Rhys Davies encouraged farmers to attend.

“These will consider the practical steps farmers and vets can take to demonstrate more responsible use of antibiotics,’’ he says.





Meticulous cleanliness is crucial at drying off as it is commonplace for infection to be introduced at this stage.

Not administering teat sealant hygienically risks a mastitis breakdown, warns Mrs Parker.

“If you lose a cow after SDCT it is usually because you have introduced infection at this point,’’ she says.

“Sealants are not cheap but if you get a speck of dirt on the tube, for instance if a cow kicks out and it touches her leg, don’t use it change it for a new one . You must consider the value of the cow compared to the value of that tube.’’

Not only should cows be as clean as possible, but the treatment area and the person must be clean and dry too.
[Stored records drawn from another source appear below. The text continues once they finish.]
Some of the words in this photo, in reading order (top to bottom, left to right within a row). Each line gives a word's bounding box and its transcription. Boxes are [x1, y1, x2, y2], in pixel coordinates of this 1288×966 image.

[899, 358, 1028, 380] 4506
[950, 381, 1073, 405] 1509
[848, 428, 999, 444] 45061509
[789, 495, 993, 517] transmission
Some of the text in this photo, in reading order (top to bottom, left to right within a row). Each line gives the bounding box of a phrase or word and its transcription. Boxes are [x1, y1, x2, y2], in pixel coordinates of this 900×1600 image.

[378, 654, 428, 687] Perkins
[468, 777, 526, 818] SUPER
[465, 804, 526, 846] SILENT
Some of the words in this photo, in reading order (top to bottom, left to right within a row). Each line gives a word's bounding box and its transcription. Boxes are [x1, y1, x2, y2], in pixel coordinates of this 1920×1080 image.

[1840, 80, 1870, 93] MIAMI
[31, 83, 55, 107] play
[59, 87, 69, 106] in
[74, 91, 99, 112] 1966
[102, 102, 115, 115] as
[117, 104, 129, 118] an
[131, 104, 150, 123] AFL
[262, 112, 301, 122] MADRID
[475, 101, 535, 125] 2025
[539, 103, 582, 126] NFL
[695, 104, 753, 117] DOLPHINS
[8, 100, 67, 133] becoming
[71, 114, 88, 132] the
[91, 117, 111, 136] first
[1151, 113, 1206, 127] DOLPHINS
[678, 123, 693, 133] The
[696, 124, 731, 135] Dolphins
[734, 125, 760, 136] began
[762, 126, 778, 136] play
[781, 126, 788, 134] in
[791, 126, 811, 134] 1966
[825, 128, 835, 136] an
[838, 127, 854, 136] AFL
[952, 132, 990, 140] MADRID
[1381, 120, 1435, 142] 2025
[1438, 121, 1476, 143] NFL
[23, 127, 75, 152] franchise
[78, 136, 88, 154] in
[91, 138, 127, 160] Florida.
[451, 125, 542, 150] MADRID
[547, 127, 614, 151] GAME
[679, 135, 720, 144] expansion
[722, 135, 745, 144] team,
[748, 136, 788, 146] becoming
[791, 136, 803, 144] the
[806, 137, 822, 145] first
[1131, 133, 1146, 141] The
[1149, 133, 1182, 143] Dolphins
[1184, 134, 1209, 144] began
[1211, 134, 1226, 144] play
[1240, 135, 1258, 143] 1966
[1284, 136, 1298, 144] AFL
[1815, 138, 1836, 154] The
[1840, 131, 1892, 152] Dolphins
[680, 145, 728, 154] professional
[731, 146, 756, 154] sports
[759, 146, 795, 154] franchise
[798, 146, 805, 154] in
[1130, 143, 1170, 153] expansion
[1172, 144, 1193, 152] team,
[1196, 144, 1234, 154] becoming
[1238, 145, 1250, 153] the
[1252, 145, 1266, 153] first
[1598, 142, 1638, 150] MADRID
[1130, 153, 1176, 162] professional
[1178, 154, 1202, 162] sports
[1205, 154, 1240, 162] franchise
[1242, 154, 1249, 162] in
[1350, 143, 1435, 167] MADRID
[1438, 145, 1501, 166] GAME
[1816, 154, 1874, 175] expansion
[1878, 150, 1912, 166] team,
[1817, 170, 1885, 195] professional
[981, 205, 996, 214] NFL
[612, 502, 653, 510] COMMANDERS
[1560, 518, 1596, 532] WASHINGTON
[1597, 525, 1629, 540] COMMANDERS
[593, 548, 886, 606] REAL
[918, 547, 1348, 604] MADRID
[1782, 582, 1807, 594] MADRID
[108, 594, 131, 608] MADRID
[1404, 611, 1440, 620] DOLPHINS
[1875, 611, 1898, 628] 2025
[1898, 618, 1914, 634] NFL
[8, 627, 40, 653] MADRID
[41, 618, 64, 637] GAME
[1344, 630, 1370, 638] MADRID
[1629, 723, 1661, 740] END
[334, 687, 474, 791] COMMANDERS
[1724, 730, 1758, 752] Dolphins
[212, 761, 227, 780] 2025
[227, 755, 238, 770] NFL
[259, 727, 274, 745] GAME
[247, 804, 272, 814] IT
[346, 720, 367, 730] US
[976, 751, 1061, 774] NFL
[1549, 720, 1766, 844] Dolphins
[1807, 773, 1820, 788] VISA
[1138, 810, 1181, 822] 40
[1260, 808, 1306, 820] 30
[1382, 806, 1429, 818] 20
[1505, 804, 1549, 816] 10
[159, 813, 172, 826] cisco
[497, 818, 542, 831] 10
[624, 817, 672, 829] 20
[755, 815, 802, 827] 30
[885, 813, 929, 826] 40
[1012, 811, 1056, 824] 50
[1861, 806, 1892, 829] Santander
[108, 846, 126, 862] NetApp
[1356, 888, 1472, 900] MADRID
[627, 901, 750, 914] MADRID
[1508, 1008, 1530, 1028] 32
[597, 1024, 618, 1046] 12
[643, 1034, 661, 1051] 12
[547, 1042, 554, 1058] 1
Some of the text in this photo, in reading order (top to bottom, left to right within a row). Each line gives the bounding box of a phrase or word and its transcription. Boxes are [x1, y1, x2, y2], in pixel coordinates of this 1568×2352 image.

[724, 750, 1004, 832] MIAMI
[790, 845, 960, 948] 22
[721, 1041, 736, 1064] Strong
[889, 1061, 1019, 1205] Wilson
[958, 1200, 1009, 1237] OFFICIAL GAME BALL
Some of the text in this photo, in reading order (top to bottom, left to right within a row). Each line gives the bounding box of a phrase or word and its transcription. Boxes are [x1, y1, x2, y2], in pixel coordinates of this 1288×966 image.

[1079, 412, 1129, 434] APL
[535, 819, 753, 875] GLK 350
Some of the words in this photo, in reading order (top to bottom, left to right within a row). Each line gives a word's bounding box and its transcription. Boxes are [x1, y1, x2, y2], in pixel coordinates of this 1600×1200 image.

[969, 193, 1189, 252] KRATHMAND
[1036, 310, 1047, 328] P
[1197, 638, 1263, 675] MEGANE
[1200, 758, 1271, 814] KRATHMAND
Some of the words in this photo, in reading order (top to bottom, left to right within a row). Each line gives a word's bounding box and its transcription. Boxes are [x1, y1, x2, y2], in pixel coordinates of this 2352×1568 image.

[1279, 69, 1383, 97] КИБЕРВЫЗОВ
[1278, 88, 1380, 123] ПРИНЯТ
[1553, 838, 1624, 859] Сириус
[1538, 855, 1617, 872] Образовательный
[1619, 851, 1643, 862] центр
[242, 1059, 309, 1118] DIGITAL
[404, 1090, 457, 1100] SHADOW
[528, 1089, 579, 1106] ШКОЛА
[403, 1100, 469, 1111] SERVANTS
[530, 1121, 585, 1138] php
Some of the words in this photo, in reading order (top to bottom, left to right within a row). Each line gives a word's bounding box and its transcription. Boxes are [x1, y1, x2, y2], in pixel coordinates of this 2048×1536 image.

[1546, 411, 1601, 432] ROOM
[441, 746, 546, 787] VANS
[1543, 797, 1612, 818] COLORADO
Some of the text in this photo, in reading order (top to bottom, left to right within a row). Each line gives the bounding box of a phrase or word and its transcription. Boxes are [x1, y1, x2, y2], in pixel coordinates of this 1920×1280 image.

Additional labour is useful, and the job shouldn’t be rushed, advises Mrs Parker. “Don’t dry off on a day when you have to rush, the last cows to be treated are as important and valuable as the first.’’

To start the process, pre-dip cows and wipe with an individual anesthetic, working from the teats furthest away to closest.

Individually wipe teat ends with cotton wool soaked in surgical spirit, nearest teat first; once one teat is wiped, tube and work from the closest teat to furthest away.

For cows identified as needing sealant only, administer sealant utilising the correct infusion technique, taking care not to massage into the udder by holding the top of the teat.

Administer antibiotic tubes to cows identified as needing treatment followed by sealant.

Dip all teats.

Apply tape to the tails of treated cows to ensure easy identification at calving.